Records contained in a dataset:

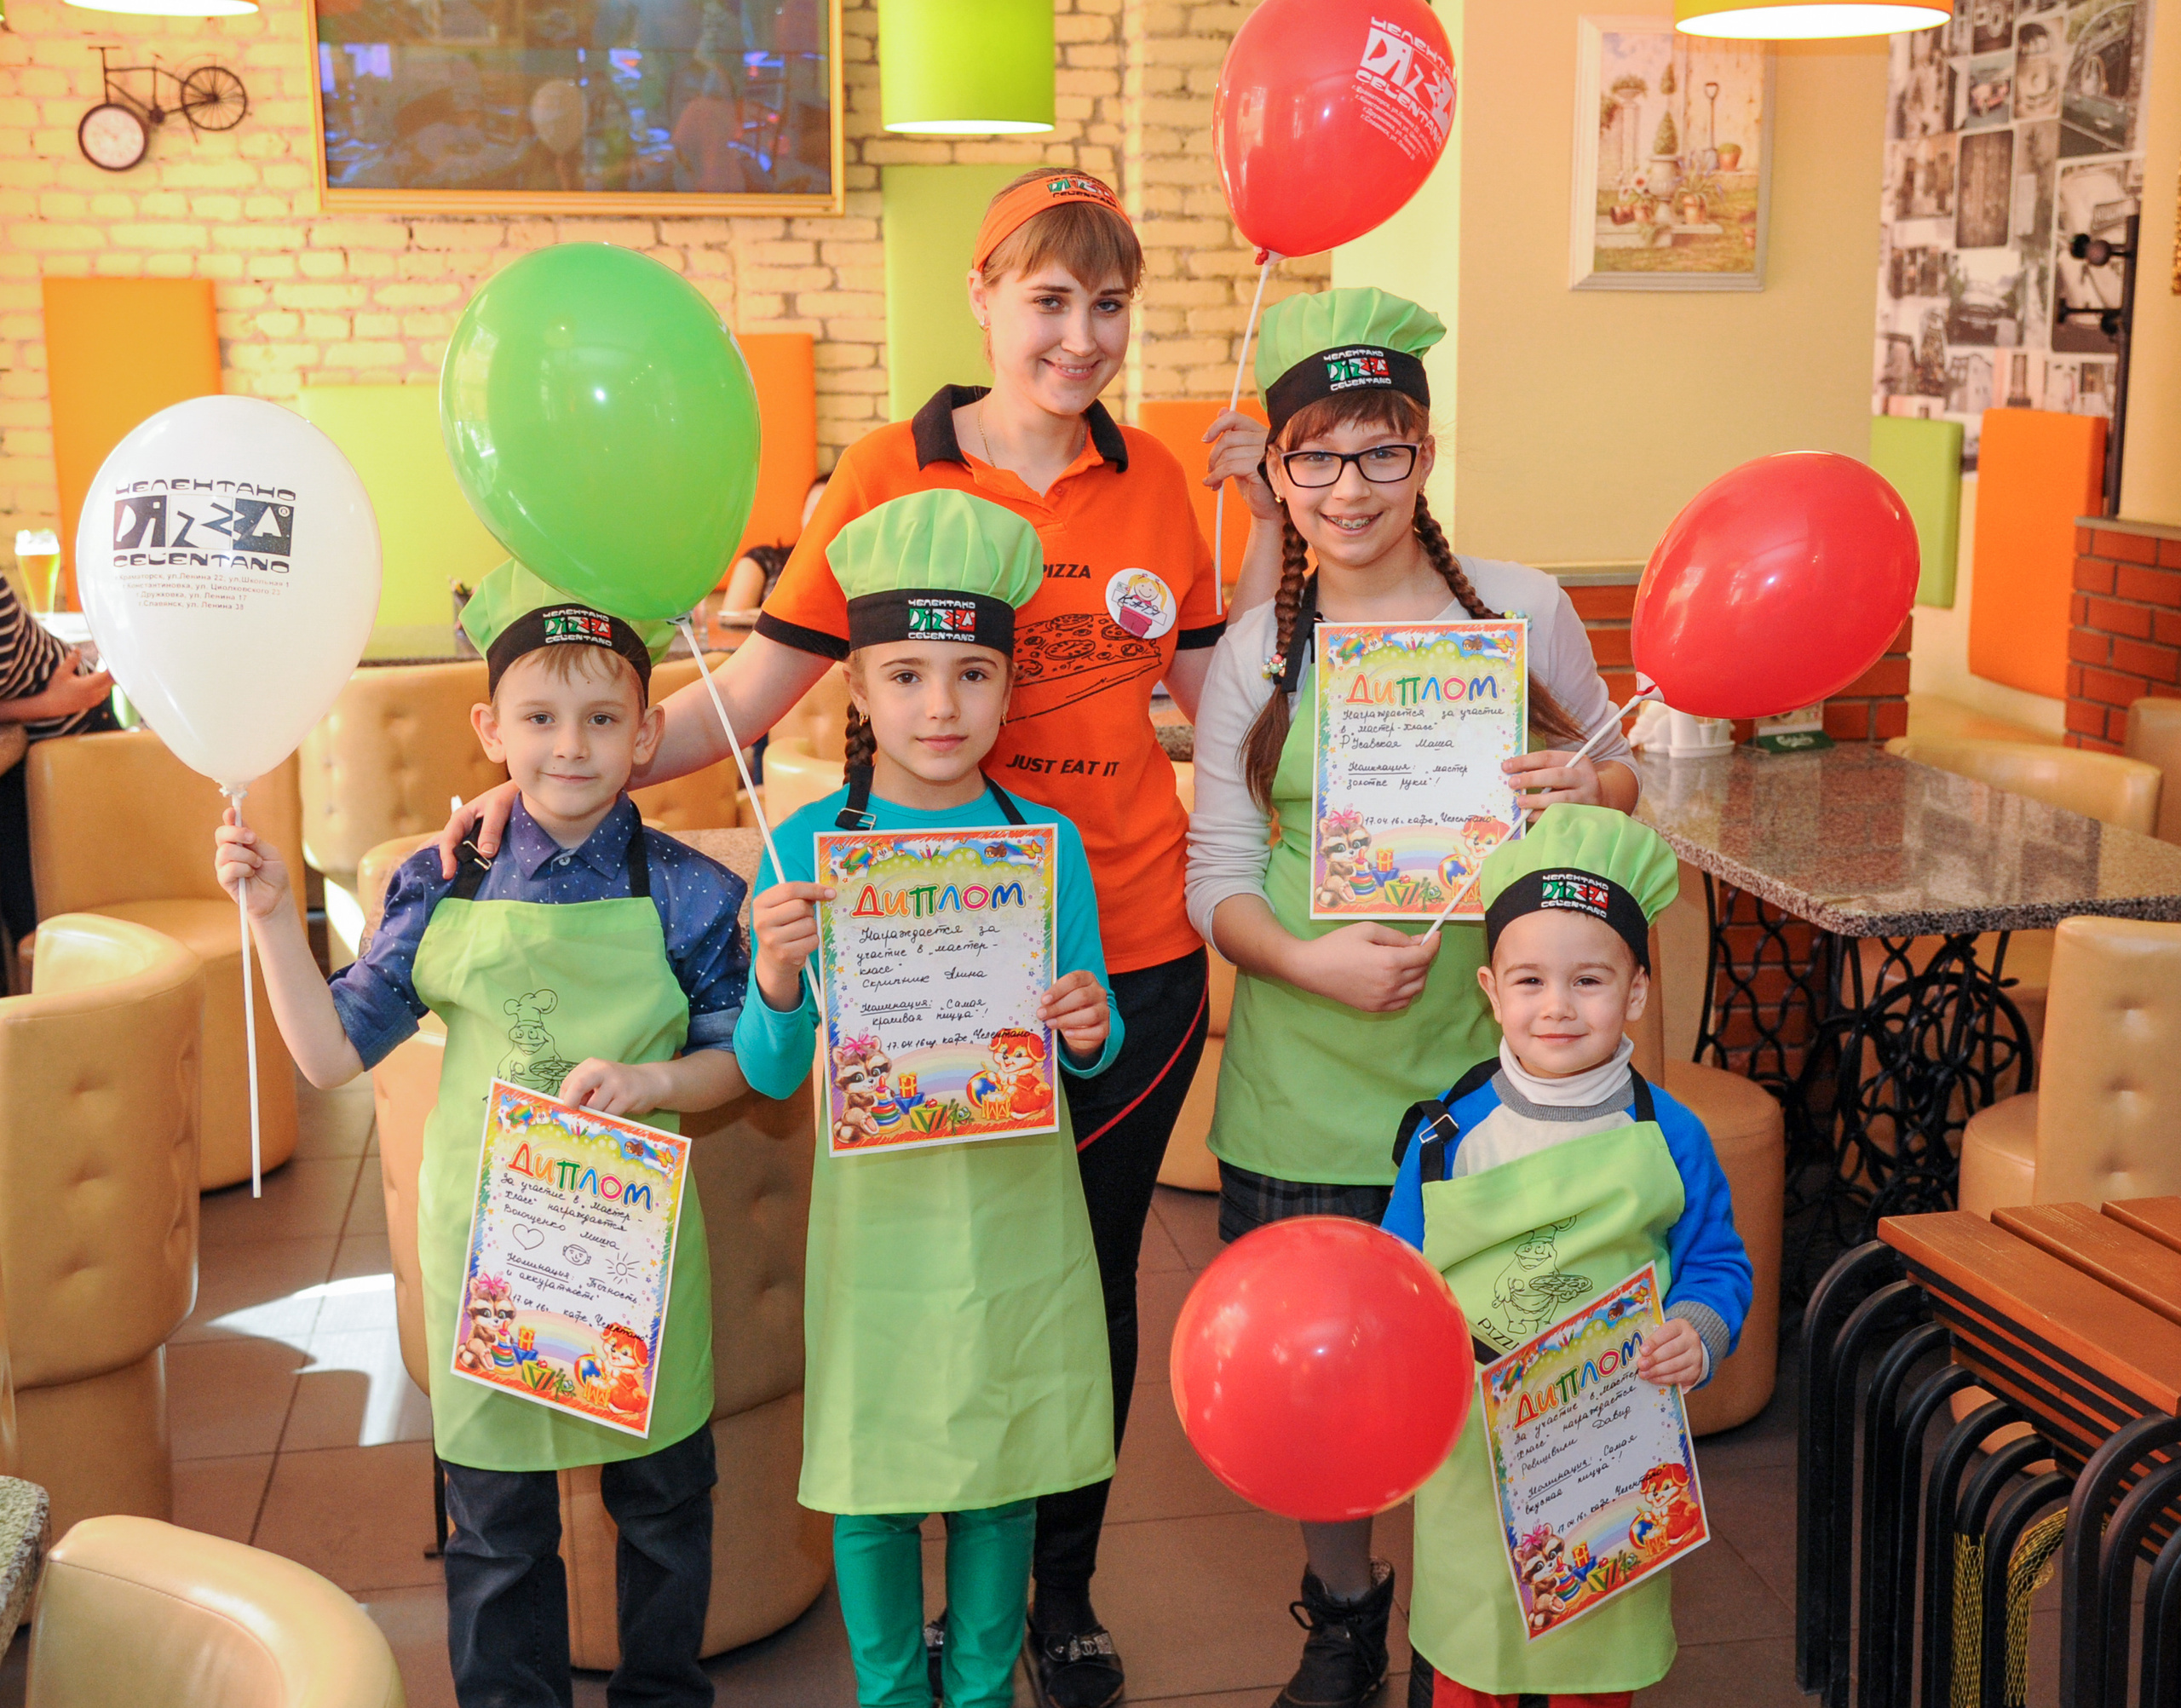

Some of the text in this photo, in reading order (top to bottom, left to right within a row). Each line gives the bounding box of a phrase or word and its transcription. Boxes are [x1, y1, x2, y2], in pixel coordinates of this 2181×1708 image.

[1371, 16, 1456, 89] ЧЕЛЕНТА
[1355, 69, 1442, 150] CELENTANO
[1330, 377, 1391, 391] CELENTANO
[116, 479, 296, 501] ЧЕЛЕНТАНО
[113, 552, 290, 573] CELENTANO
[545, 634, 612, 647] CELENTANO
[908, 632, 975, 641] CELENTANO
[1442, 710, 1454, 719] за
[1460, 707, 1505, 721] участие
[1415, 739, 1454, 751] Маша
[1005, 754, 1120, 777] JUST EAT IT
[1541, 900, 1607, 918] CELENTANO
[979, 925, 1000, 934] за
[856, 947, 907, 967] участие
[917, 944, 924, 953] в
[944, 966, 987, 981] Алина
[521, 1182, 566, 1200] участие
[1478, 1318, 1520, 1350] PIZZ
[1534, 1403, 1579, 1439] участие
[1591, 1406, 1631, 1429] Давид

» **The task**
Drop the images and repeat the data exactly.

» **Exercise result**
Some of the text in this photo, in reading order (top to bottom, left to right within a row). Each line gives the bounding box of a phrase or word and its transcription. Boxes are [x1, y1, x2, y2], in pixel coordinates of this 2181×1708 image.

[1371, 16, 1456, 89] ЧЕЛЕНТА
[1355, 69, 1442, 150] CELENTANO
[1330, 377, 1391, 391] CELENTANO
[116, 479, 296, 501] ЧЕЛЕНТАНО
[113, 552, 290, 573] CELENTANO
[545, 634, 612, 647] CELENTANO
[908, 632, 975, 641] CELENTANO
[1442, 710, 1454, 719] за
[1460, 707, 1505, 721] участие
[1415, 739, 1454, 751] Маша
[1005, 754, 1120, 777] JUST EAT IT
[1541, 900, 1607, 918] CELENTANO
[979, 925, 1000, 934] за
[856, 947, 907, 967] участие
[917, 944, 924, 953] в
[944, 966, 987, 981] Алина
[521, 1182, 566, 1200] участие
[1478, 1318, 1520, 1350] PIZZ
[1534, 1403, 1579, 1439] участие
[1591, 1406, 1631, 1429] Давид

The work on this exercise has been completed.